Seeking culinary delights in Sicily
The Romans referred to the rugged, craggy landscape of the island of Sicily as Trinacrium – a star with three points – named for the distinctive shape of this beautiful, sun-baked island. The symbol of Sicily is a three-legged woman, a nod to the three capes at far ends of the island. She is not just any woman. She is Medusa, a devastatingly beautiful figure from Greek mythology who had snakes for hair and could turn a man to stone with just her gaze. She is pictured with three stalks of wheat to symbolise the fertility of Sicily.
Some of the most iconic Italian dishes hail from the hills of Sicily. Imagine you have spent the morning exploring the volcanic foothills of Mount Etna, to the east of the island. You’ve been hiking through the scrub, the black lava formations, and collapsed volcanic cones. You drive through the tiny winding roads up to the hill town of Castiglione di Sicilia. You take a seat in an outdoor café, your legs in the sun but your head shaded by a large awning. You order an early afternoon snack of traditional Sicilian arancini – saffron-scented balls of risotto, coated in crunchy breadcrumbs, studded with green peas, and an oozy centre of meat sauce and local caciocavallo cheese. You’re surprised, because these arancini are unlike anything you’ve eaten at home. They’re enormous, shaped more like little pears, and served with a delicious local drink made with blood oranges and prosecco.

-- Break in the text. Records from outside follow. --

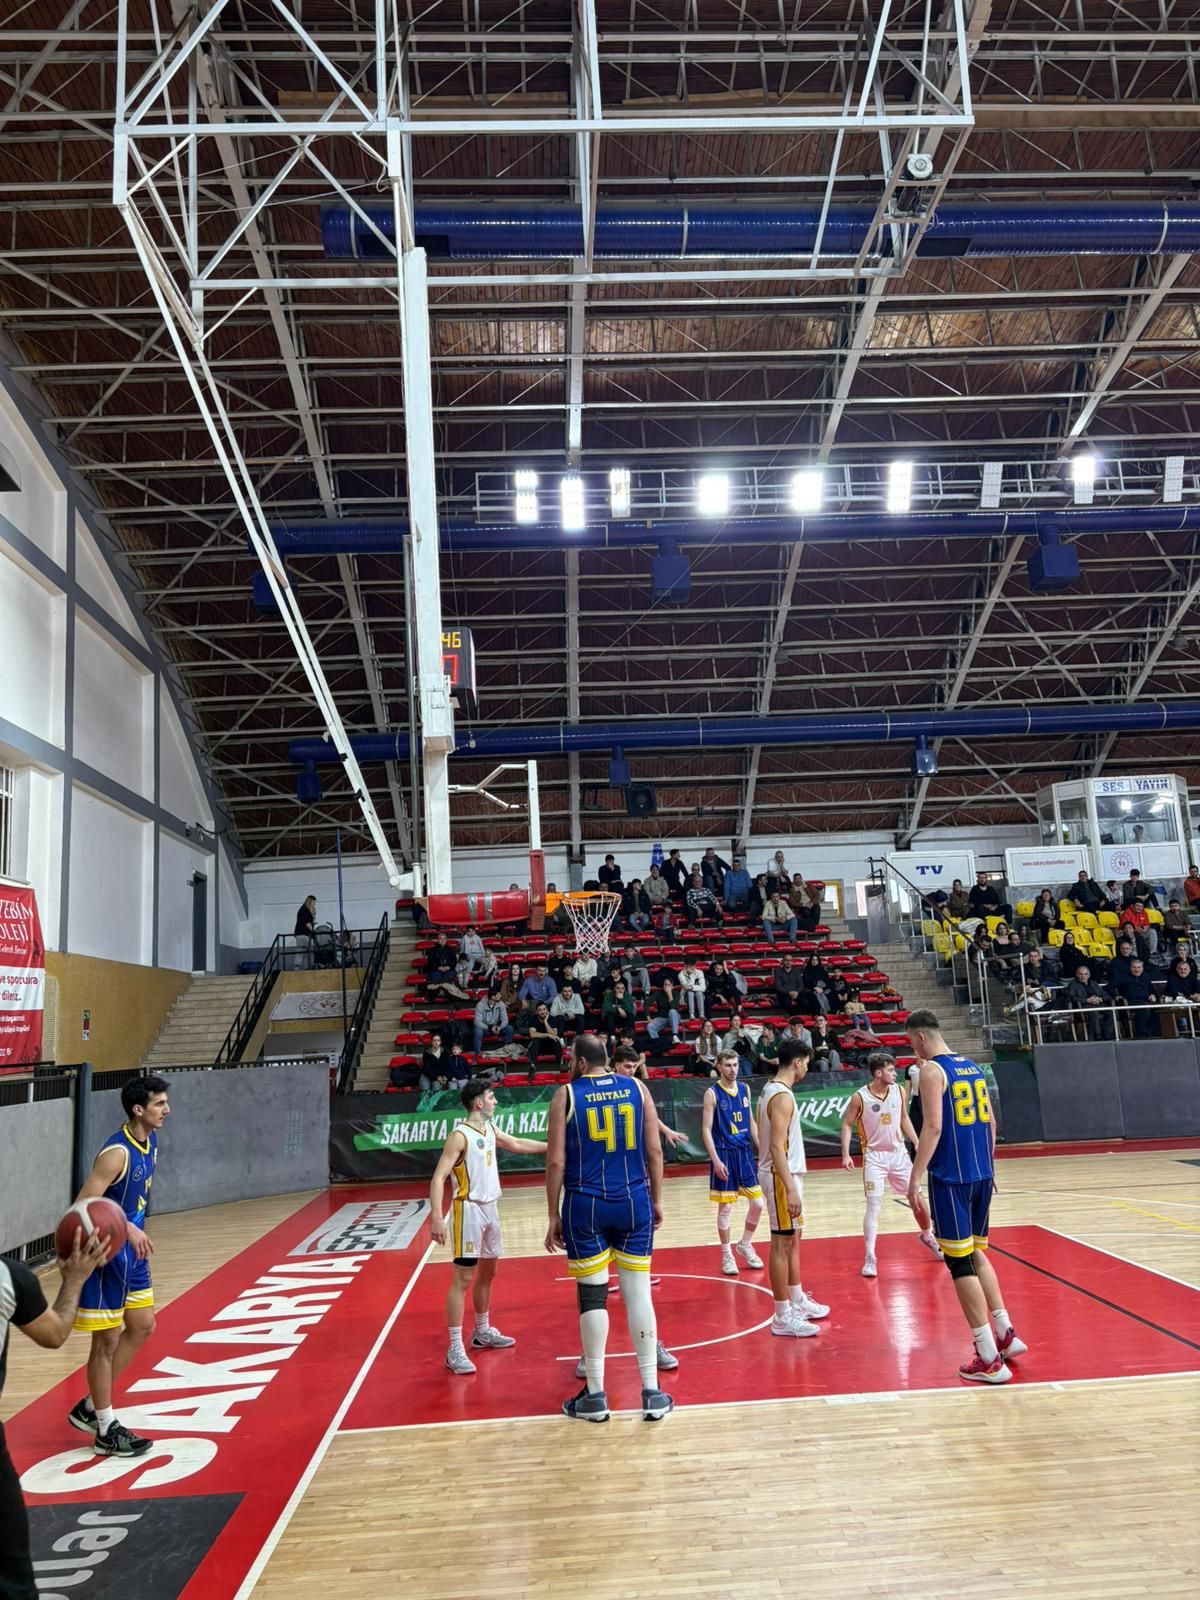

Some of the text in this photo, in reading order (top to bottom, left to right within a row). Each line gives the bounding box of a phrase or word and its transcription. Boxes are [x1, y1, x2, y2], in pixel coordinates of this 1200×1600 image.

[1102, 782, 1124, 792] SES
[916, 865, 943, 875] TV
[732, 1111, 743, 1122] 10
[952, 1078, 991, 1126] 28
[381, 1119, 448, 1145] SAKARYA
[518, 1110, 548, 1134] KAZ
[586, 1102, 637, 1153] 41
[20, 1254, 371, 1494] SAKARYA
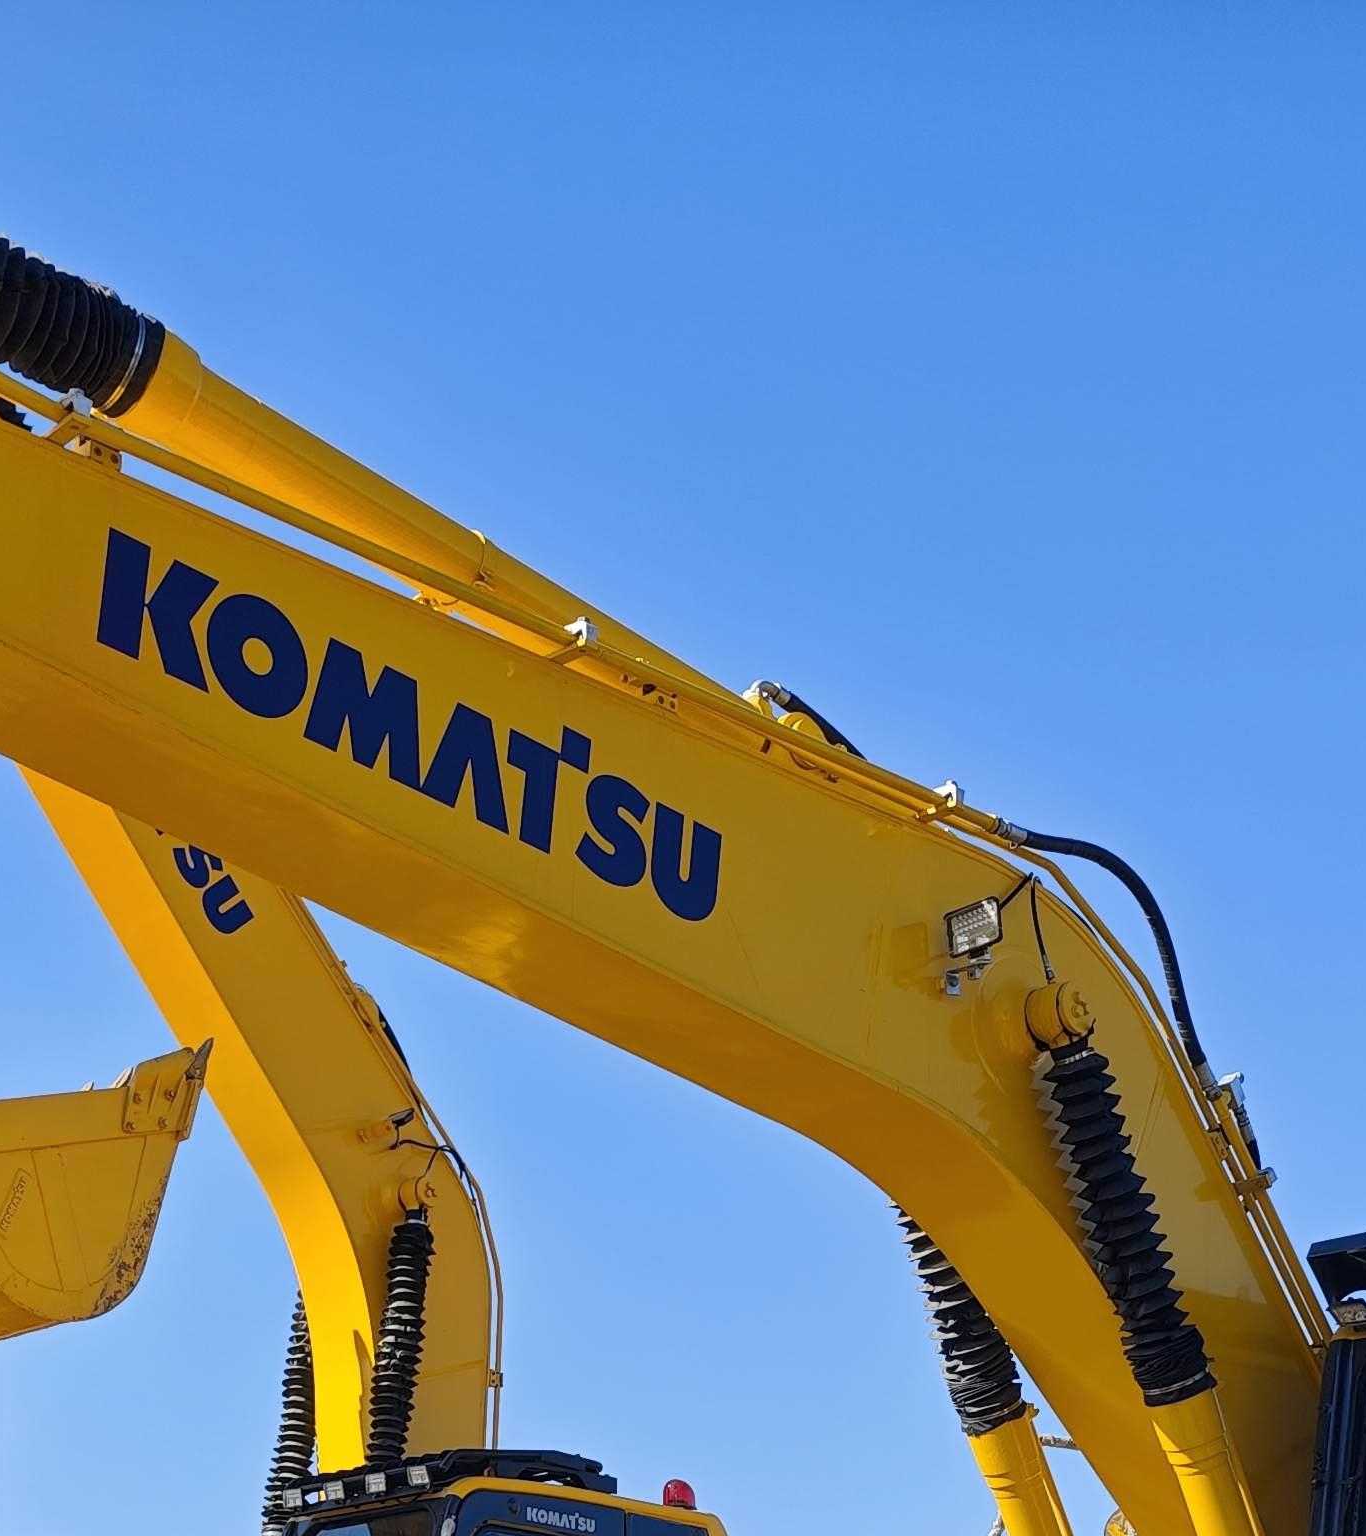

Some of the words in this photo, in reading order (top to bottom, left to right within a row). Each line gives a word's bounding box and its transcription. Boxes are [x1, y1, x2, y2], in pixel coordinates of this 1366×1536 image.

[96, 527, 722, 921] KOMATSU
[155, 828, 254, 934] SU
[525, 1506, 597, 1534] KOMATSU

So, you settle in for the afternoon, watching Sicilian life passing by – nuns licking brightly coloured gelato from cones, dogs lying on the paving stones soaking up the sun, Mount Etna standing guard in the distance. As evening falls, you wander to a local trattoria and are greeted with an antipasti dish of olive oil-slicked caponata: fried aubergines mingled with pine nuts, raisins, and a touch of vinegar to cut the rich flavour.
Peeking at you from the blackboard in the corner is an irresistible evening special – cavatelli with broccoli – hollow pasta, shaped like the shells that pepper the sandy beaches, perfectly designed to cradle the chilli pesto, showered with moreish Parmigiano Reggiano, which rounds out the chilli hum on your tongue. You decline dessert in favour of the rest of your bottle of ruby red local Nero D’Avola, and settle down to write a postcard about your perfect day, bone-tired but tummy full. Where to start?